My job has destroyed my confidence, healing after leaving a toxic job

My job has destroyed my confidence. When you leave a toxic work, figuring out what to do next might be difficult. You may turn your experience into knowledge about healthy work environments by taking the time to understand what happened and moving ahead intelligently. 


This new information will help you begin your job hunt and start your future employment with a fresh outlook. In this post, we’ll look at how to rebuild your professional confidence after leaving a toxic workplace.


My job has destroyed my confidence, 5 Ways to heal after leaving a toxic job

My job has destroyed my confidence, follow these steps to get back on your feet:


  1. Give yourself time to recuperate.

It takes a lot of guts and fortitude to leave a job, therefore you’ve already done a lot.


Allow yourself time to recover by engaging in activities that relieve tension and improve your mental and physical well-being. If you’re feeling unappreciated or overworked, find things that remind you of your value, such as purposefully resting or focusing on your own goals. 
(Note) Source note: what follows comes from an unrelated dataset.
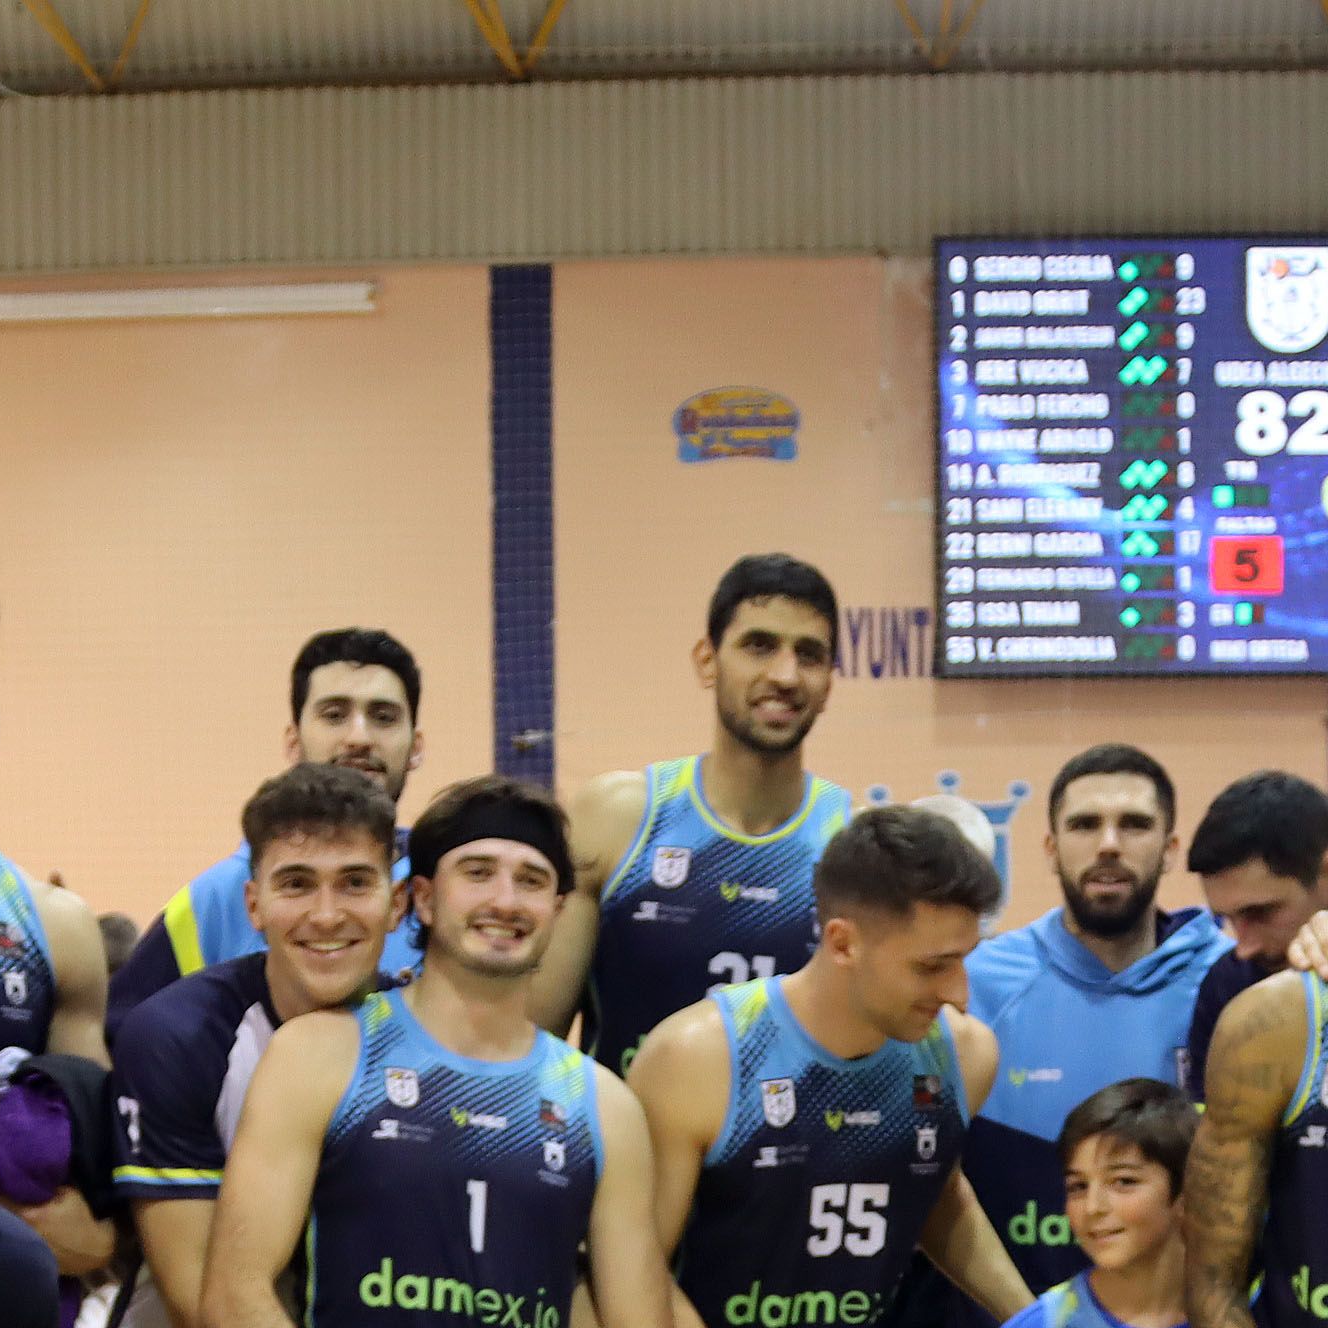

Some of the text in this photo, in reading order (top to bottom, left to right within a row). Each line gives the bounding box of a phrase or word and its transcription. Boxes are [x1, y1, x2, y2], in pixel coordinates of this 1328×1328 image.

[1234, 549, 1260, 582] 5
[466, 1179, 488, 1253] 1
[807, 1183, 890, 1258] 55
[1008, 1200, 1080, 1247] da
If your employment was physically demanding or hazardous, take it easy on yourself for a few days and get medical attention if you have any injuries or concerns.


Look for activities that might provide consolation, such as spending time with a pet or a loved one, to help you recover from an emotionally draining work. If your job is demanding or controlling, try exercising or creating art to relieve pressure.


You’ll be in a better frame of mind to consider the following steps once you’ve acquired some space from the emotional cost of your previous employment.


  1. Acknowledge your worth

If you weren’t valued in your previous job, you might not realize your full professional and personal worth once you’ve left. Take a break to make a list of your successes and skills. Begin with the positive character qualities that have aided you in your professional and personal endeavors. 


Then go through what you brought to your most recent position. Make a list of your accomplishments in that role in chronological order, beginning with what you accomplished in your first few months on the job.


Make a list of the tasks you’ve accomplished and the toughest challenges you’ve overcome.


As you begin your job hunt, you may use this list to update your resume and any online profiles. 


You’re already prepared for interview questions on obstacles you’ve overcome and how you’ve handled workplace disagreement if you’ve thought about your initiatives and successes. 


You’ll be able to better filter jobs as you explore, thinking about how your skills may be utilized in the workplace.


  1. Go through what you’ve learnt.

This phase allows you to learn from your unpleasant experiences. Consider why the workplace you left seemed so dangerous.


Consider whether the problem was created by a single project, contract, or teammate. If this is the case, consider how you might prevent a similar situation in the future, such as asking better questions during the interview or speaking with a potential coworker before accepting a position.


If the atmosphere was systematically unfavorable, attempt to figure out if it was due to a business policy or an office culture standard. 


Observing these patterns can not only help you know what to search for in your future work, but it can also benefit you later if you are in a position to influence or manage these elements at another firm.


  1. Choose who you want to keep.

Whether or if you keep in touch with your employees is a situation-dependent decision.


Consider who you liked working with and who provided you with industry or business knowledge. Consider people who have positions in which you appreciate them. Maintain a personal email or online profile with these folks and keep in touch with them outside of work accounts.


Even if your entire employment experience was negative, consider who at that position could be able to give you a letter of recommendation, a reference, or sound career advice in the future. Even if they were supervisors or well-placed, feel free to get rid of people that brought negativity to your company.


  1. Choose a positive mindset.

It’s critical to have a good mindset in order to move on with a new viewpoint. You may build this habit by practicing it and reminding yourself of the potential in front of you as well as your previous accomplishments. 


Positive thinking can also help you meet new people and get interviews with different firms. Your good outlook and refusal to gossip demonstrate to others that you are trustworthy and have a productive mindset. 


If you still have feelings of anger or resentment, work through them on your own before reaching out to former coworkers or creating new contacts in the same field.